Information supplied =

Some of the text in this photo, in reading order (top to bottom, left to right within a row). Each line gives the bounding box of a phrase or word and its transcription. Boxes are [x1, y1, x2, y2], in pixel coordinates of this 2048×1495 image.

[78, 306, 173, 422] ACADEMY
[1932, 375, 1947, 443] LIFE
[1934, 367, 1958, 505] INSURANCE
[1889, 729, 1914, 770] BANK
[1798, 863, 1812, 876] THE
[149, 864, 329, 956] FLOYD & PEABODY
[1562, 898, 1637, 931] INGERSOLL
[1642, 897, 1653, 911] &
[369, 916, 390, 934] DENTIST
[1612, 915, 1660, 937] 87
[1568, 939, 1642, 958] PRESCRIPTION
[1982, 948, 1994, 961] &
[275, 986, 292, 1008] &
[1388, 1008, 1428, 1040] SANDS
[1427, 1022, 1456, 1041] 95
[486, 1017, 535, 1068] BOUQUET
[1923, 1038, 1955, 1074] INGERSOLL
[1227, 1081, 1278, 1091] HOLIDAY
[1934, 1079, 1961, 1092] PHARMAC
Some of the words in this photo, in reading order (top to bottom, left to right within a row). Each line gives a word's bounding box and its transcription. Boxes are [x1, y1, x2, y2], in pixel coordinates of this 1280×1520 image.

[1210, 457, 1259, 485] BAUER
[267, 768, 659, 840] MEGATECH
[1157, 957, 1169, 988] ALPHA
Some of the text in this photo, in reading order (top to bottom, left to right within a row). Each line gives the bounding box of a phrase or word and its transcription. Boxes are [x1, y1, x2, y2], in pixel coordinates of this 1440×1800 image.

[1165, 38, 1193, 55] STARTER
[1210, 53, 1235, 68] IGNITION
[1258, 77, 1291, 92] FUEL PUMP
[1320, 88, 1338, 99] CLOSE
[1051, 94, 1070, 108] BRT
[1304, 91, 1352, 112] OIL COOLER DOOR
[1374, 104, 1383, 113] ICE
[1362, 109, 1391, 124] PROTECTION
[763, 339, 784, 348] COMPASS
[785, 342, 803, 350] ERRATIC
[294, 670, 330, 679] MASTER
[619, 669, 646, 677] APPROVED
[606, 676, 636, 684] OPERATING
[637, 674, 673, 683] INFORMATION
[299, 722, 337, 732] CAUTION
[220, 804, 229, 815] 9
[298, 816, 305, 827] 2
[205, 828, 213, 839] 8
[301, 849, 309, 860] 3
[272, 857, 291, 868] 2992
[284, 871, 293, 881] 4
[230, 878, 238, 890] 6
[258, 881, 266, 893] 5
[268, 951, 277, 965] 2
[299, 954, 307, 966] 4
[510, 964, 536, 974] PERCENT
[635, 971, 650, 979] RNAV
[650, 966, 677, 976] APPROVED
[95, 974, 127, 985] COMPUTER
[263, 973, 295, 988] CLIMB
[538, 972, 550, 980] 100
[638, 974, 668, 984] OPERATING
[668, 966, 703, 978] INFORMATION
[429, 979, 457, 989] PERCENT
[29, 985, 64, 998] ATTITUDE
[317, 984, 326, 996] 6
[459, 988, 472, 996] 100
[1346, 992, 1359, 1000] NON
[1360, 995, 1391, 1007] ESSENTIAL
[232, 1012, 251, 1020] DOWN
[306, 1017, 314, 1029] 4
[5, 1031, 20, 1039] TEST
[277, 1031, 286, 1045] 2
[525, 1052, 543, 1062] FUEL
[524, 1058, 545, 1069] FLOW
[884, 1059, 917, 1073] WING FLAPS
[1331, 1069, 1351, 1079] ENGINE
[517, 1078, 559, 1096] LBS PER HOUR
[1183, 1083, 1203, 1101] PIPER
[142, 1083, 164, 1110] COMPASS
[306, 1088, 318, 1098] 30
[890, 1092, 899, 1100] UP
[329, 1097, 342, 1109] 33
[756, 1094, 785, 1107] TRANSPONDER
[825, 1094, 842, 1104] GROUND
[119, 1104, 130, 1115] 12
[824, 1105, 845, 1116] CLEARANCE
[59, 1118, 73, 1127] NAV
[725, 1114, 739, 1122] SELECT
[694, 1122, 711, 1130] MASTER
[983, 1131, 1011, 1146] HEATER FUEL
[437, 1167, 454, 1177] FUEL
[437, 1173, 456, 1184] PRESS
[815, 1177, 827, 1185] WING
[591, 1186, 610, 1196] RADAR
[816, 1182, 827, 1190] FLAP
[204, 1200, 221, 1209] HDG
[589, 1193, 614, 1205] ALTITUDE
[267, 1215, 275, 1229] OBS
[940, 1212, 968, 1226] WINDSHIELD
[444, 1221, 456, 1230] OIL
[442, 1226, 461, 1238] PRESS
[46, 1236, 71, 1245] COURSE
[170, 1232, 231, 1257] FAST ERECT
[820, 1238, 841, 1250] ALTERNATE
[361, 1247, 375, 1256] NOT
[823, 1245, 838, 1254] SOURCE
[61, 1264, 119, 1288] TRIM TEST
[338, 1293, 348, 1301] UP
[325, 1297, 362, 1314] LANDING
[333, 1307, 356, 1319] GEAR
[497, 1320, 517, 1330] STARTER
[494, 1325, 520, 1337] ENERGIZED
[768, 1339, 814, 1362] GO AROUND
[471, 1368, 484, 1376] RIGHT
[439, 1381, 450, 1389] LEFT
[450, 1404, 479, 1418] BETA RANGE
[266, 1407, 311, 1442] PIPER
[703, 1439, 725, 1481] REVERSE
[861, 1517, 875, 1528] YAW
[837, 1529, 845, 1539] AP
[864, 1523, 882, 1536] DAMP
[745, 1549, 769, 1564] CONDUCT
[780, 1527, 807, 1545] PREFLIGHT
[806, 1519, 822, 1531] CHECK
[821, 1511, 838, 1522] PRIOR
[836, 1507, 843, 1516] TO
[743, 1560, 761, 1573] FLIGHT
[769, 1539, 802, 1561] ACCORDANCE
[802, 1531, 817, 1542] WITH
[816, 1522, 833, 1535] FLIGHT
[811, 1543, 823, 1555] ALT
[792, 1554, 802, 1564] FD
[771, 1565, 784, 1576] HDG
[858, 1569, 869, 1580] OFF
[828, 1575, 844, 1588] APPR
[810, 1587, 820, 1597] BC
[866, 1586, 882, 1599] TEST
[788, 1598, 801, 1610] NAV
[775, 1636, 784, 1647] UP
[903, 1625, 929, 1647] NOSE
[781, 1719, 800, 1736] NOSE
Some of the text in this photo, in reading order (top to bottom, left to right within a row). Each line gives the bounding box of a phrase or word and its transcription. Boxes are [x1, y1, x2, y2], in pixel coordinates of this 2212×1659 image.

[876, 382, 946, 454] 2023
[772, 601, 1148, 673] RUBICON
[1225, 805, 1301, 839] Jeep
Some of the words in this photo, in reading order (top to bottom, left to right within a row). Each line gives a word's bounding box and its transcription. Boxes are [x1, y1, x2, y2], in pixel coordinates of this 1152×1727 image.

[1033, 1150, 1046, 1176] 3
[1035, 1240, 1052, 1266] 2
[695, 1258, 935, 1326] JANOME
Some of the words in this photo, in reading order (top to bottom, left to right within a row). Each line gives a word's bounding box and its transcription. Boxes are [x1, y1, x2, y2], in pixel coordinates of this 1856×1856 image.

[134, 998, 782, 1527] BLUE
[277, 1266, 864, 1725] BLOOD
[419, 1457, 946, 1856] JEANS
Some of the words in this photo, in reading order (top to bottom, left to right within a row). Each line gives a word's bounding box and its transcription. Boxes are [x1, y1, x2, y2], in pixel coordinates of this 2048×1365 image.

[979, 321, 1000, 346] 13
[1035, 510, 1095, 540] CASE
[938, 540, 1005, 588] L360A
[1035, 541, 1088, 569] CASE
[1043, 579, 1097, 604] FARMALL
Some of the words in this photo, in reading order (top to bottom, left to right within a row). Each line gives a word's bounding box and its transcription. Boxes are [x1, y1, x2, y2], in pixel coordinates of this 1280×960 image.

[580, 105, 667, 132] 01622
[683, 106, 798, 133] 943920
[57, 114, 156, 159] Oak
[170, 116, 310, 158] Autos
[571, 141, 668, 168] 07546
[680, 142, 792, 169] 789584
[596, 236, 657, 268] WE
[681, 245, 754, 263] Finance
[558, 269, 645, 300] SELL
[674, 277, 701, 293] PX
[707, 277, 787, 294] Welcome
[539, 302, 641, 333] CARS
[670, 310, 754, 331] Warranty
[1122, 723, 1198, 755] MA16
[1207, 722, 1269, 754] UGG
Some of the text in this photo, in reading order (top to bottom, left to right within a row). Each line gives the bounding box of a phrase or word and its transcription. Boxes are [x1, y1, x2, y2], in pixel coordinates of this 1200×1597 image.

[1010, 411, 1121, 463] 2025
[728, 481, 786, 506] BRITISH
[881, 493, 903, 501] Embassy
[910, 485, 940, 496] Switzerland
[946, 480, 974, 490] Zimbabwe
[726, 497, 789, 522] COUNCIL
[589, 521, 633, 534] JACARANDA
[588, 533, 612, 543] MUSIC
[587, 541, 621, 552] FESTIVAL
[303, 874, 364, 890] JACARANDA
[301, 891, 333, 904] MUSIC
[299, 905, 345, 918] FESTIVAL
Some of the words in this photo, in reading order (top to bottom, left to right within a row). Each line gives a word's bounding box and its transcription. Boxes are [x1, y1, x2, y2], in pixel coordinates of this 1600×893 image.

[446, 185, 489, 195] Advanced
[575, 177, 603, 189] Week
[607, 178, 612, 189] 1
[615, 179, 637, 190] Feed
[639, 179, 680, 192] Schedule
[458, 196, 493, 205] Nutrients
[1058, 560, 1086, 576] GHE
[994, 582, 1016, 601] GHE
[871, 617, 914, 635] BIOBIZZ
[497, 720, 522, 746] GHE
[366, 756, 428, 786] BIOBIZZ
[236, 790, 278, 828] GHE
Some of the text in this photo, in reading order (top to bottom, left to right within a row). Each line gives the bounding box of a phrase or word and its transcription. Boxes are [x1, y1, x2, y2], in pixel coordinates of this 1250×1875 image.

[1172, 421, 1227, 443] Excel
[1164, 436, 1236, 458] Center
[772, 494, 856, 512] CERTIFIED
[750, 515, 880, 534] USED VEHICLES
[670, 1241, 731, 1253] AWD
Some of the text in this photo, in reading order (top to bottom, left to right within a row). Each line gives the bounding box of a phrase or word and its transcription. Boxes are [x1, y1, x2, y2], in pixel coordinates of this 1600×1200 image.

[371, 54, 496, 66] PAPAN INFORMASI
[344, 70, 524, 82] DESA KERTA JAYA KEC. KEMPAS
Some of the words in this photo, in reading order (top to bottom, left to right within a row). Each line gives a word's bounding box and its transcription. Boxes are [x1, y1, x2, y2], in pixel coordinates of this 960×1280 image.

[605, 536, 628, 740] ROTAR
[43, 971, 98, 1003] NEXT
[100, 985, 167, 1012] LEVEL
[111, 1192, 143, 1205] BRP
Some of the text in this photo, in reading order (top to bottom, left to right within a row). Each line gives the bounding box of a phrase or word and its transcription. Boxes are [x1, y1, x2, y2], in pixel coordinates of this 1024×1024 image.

Task = All lines from the one containing "this 960×1280 image." through the end of the listing above are to be restated word for word, and no others.

Result of this exercise =
Some of the words in this photo, in reading order (top to bottom, left to right within a row). Each line gives a word's bounding box and its transcription. Boxes are [x1, y1, x2, y2], in pixel coordinates of this 960×1280 image.

[605, 536, 628, 740] ROTAR
[43, 971, 98, 1003] NEXT
[100, 985, 167, 1012] LEVEL
[111, 1192, 143, 1205] BRP
Some of the text in this photo, in reading order (top to bottom, left to right within a row). Each line gives the bounding box of a phrase or word and its transcription. Boxes are [x1, y1, x2, y2], in pixel coordinates of this 1024×1024 image.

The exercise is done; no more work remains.